THE ORDEAL OF ELIZABETH MARSH: A WOMAN IN WORLD HISTORY, by Linda Colley, Pantheon, 363 pages, $27.50
Linda Colley holds a distinguished chair in history at Princeton University, where she is known as a careful, prolific and thorough scholar. "The Ordeal of Elizabeth Marsh" is most unusual, referred to by the author as "a book about a world in a life," meaning specifically the title character, who was born in England and lived from 1735-85.
Although Marsh's life was relatively short, she traveled a great deal and was the first woman to publish in English about Morocco, and the first to carry out extensive exploration of eastern and southern India. Yet Marsh was a shipwright's daughter with little formal education.

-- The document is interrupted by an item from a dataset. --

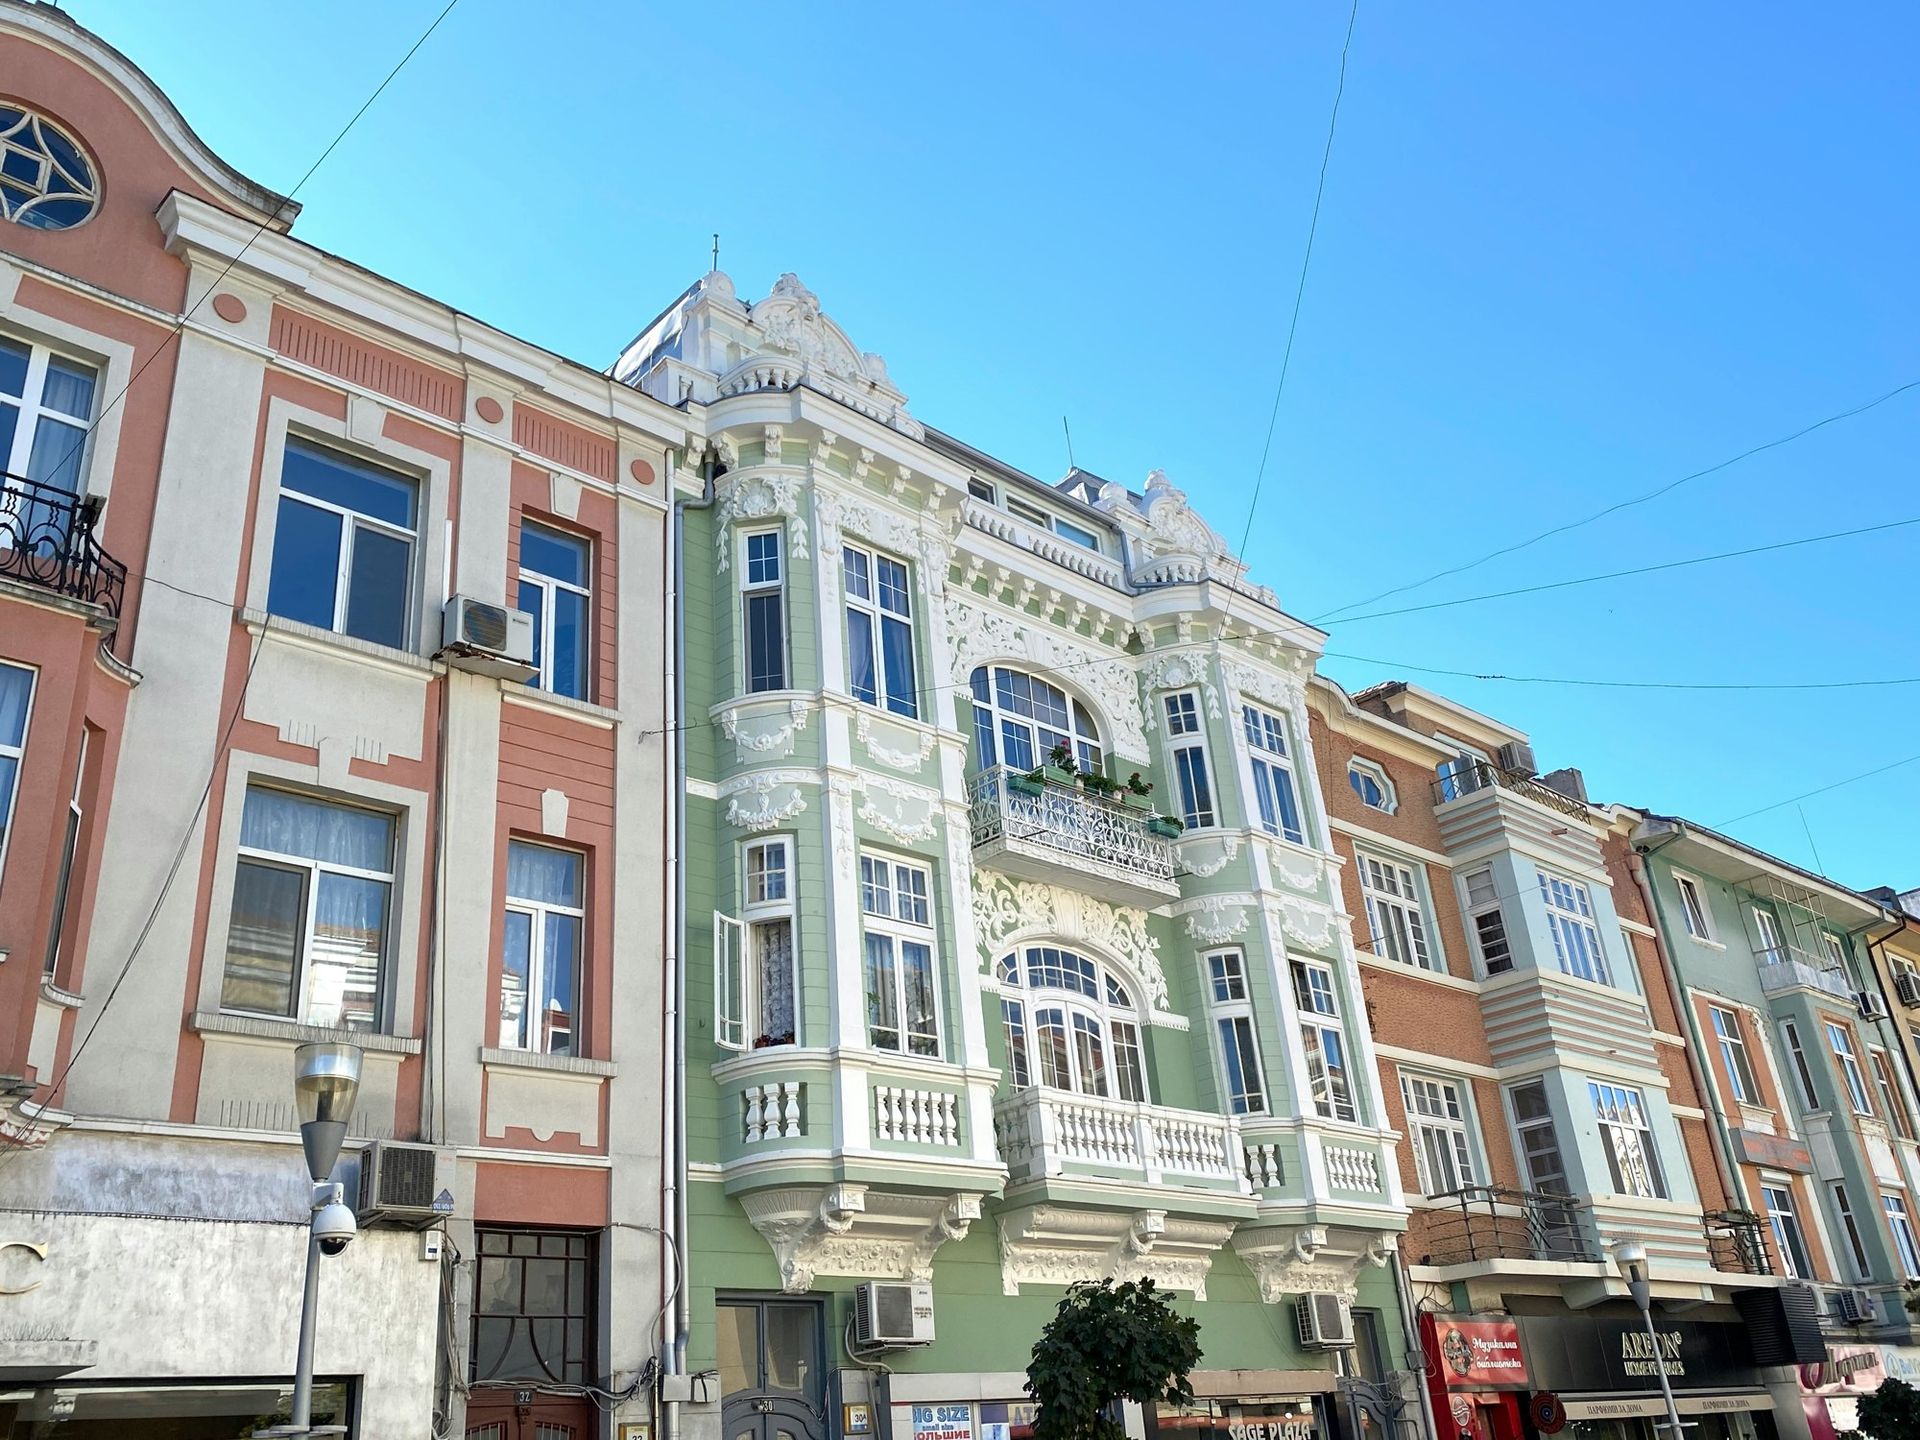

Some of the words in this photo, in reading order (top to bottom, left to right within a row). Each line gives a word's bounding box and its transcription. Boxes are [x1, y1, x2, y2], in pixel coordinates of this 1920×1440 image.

Marsh spent time in London, Menorca, Rio de Janeiro and the Cape of Africa. She also speculated in land in Florida, was involved in the French and Indian War, was linked to voyages to the Pacific, and was both owner and victim in three different slavery systems.
She died, unfortunately, of breast cancer, after having endured a mastectomy in Calcutta without anaesthetic. Most 18th-century women who underwent such risky and painful operations died either immediately or several months later — and Marsh died seven months after her surgery at the age of 49.
This makes her, according to the author, a global character, and the book is a global biography.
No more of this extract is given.